If there was a connectivity solution for dialysis, this would be an example of a therapeutic modality where patient flow and resource utilization is as important as with many diagnostic modalities. An application like this is simplified in that the dialysis therapy does not vary like different diagnostic imaging procedures, and the dialysis machines on a unit tend to be identical or at least very similar. This greater degree of uniformity means the scheduling process is much less complex.
In certain situations scheduling can morph into more of a workload optimization and fulfillment exercise, somewhat different from the typical prospective scheduling scenario. For example, orders for clinical lab tests are generated by providers on nursing units or in their offices. These orders are received by the lab information system (LIS) which then dispatches phlebotomists to collect specimens which will then be tested.
A key part of the scheduling process is the initial capture of patient information.

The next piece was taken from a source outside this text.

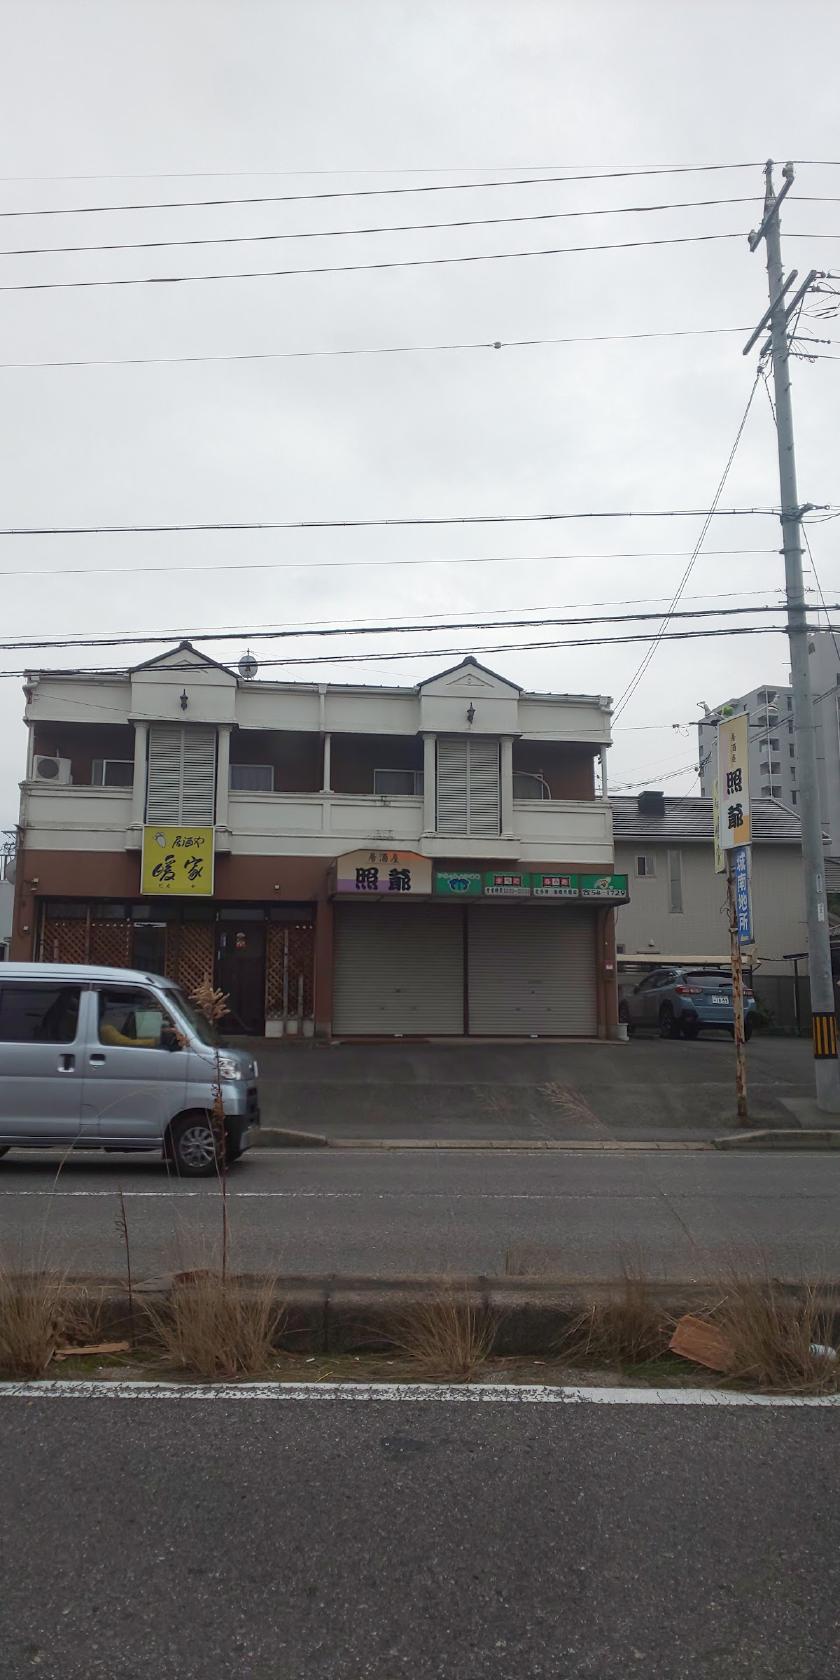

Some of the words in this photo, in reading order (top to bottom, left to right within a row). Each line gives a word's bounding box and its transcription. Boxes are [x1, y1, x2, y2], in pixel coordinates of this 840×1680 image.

[726, 768, 743, 830] 照爺
[355, 867, 412, 891] 照爺
[736, 851, 749, 931] 城南地所

These patient demographics are captured along with the specific exam being ordered, the ordering physician and any special instructions regarding the patient or required time frame for the study. Some of this data, such as orders, may be available from other systems and can be pulled in without requiring the user to reenter that data. In some workflows, the order may follow the request to schedule the study. When this happens, there must be a validation step where the scheduled study and the ordered study are compared to ensure they are identical - and the ability to resolve any inconsistencies found.
Besides the obvious value of scheduling the study or some other patient encounter, scheduling data can indirectly support operations. For example, the schedule can drive when to push work lists or copies of orders to medical devices and/or techs to improve workflow. Scheduling data can also be used to determine optimal staffing levels for the scheduled workload. The scheduling of tasks can be part of a connectivity workflow, or a point of systems integration that feeds data into the connectivity workflow.
The foregoing scheduling workflows are mostly well understood. The software for supporting these kinds of scheduling tasks is mature and most of these markets have reached penetration and become replacement markets.
What Have We Learned?
Routine tasks in patient care can be approached as scheduling challenges. Unlike with scheduling diagnostic tests, patient care task scheduling is more about the implementation of the tasks than the determination of when and where they should occur. There is a rich set of patient care tasks at the point of care that present persistent challenges to consistent implementation, resulting in adverse events and subsequent attention from the Joint Commission, AHRQ, CMS and others. It seems the industry - manufacturers and providers - are just now starting to come to grips with these routine clinical tasks.
Good outcomes in device scheduling require that a particular sequence of activities be delivered in a short period of time with minimal waiting at each stage. However, significant uncertainty in the duration of services leads to challenging appointment scheduling problems. In order to develop effective strategies for dealing with highly constrained scheduling scenarios, it is often necessary to first quantify the economic impact of different flexibility enhancing choices assuming that all subsequent device scheduling decisions are made optimally.